DATA TO USE: Begin
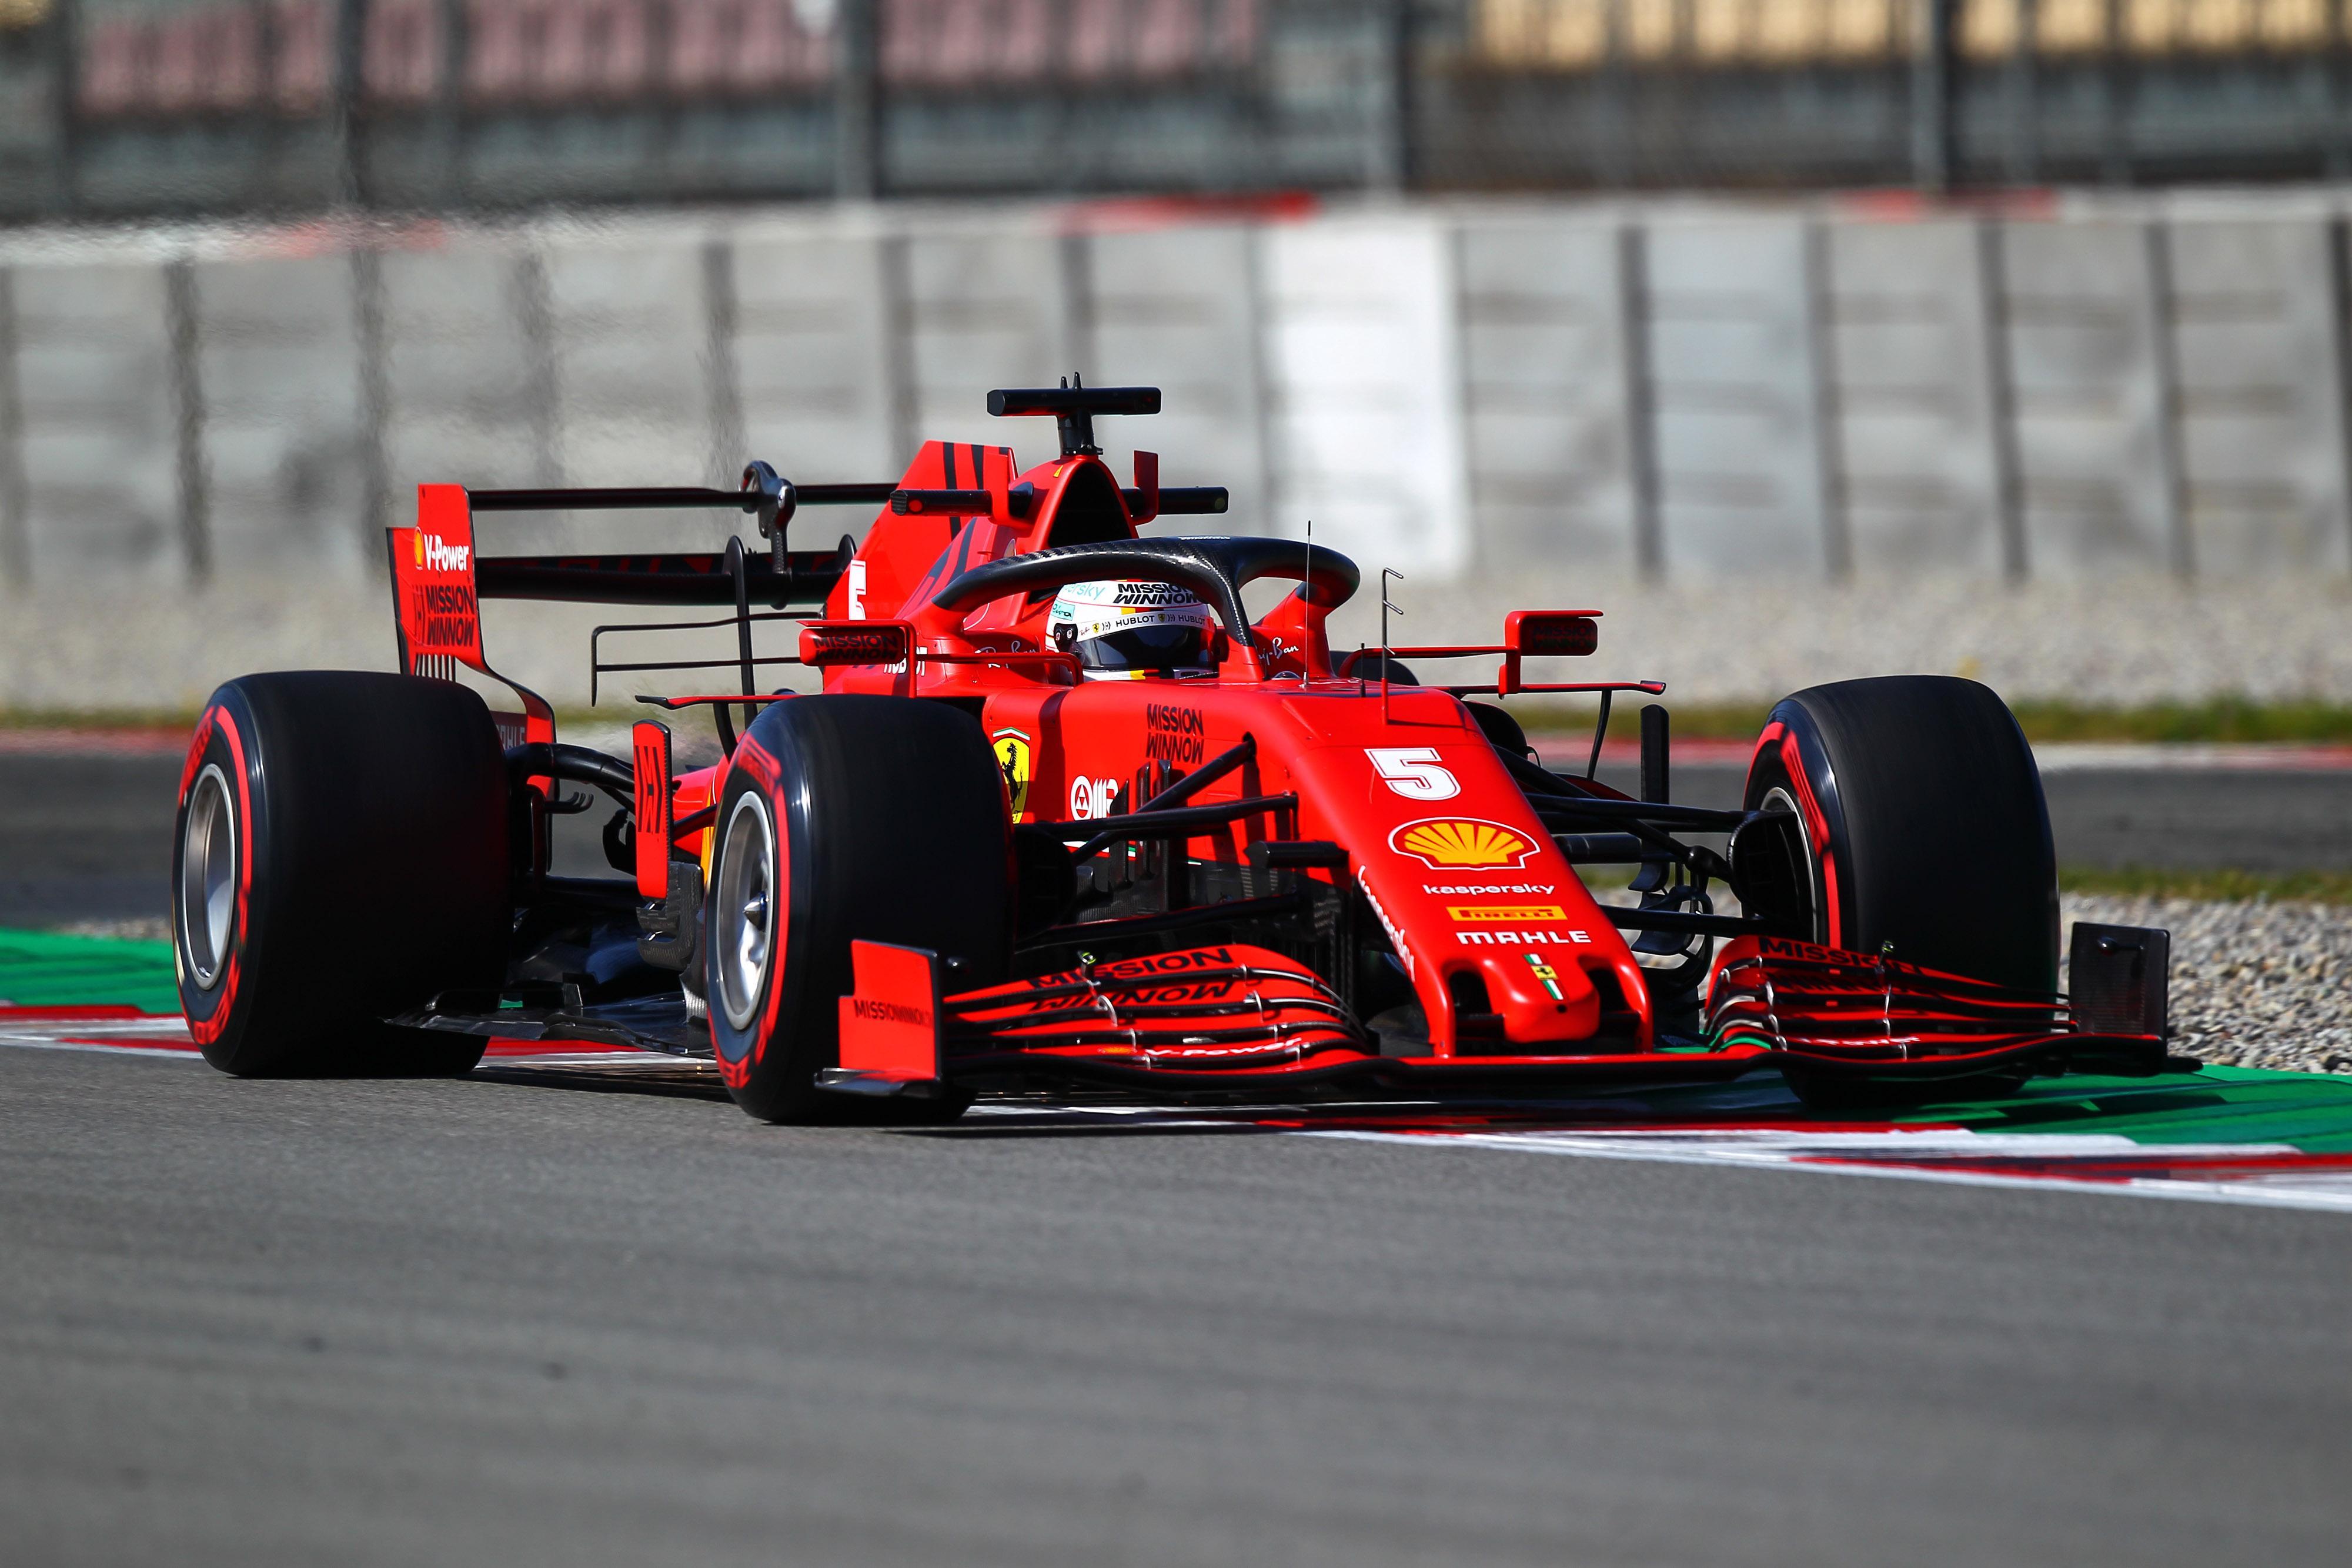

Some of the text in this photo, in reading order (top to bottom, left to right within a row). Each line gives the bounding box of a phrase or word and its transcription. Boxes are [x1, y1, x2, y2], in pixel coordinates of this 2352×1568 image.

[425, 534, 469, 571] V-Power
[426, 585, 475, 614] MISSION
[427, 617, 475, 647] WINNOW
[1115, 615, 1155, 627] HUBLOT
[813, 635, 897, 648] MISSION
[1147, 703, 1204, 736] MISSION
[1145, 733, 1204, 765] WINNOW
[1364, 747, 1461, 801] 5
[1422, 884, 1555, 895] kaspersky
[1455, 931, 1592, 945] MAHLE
DATA TO USE: End
=== PROBLEM DESCRIPTION ===
Nothing but the pictures is to be left out; the rest of the listing should be copied exactly.

=== PROBLEM SOLUTION ===
Some of the text in this photo, in reading order (top to bottom, left to right within a row). Each line gives the bounding box of a phrase or word and its transcription. Boxes are [x1, y1, x2, y2], in pixel coordinates of this 2352×1568 image.

[425, 534, 469, 571] V-Power
[426, 585, 475, 614] MISSION
[427, 617, 475, 647] WINNOW
[1115, 615, 1155, 627] HUBLOT
[813, 635, 897, 648] MISSION
[1147, 703, 1204, 736] MISSION
[1145, 733, 1204, 765] WINNOW
[1364, 747, 1461, 801] 5
[1422, 884, 1555, 895] kaspersky
[1455, 931, 1592, 945] MAHLE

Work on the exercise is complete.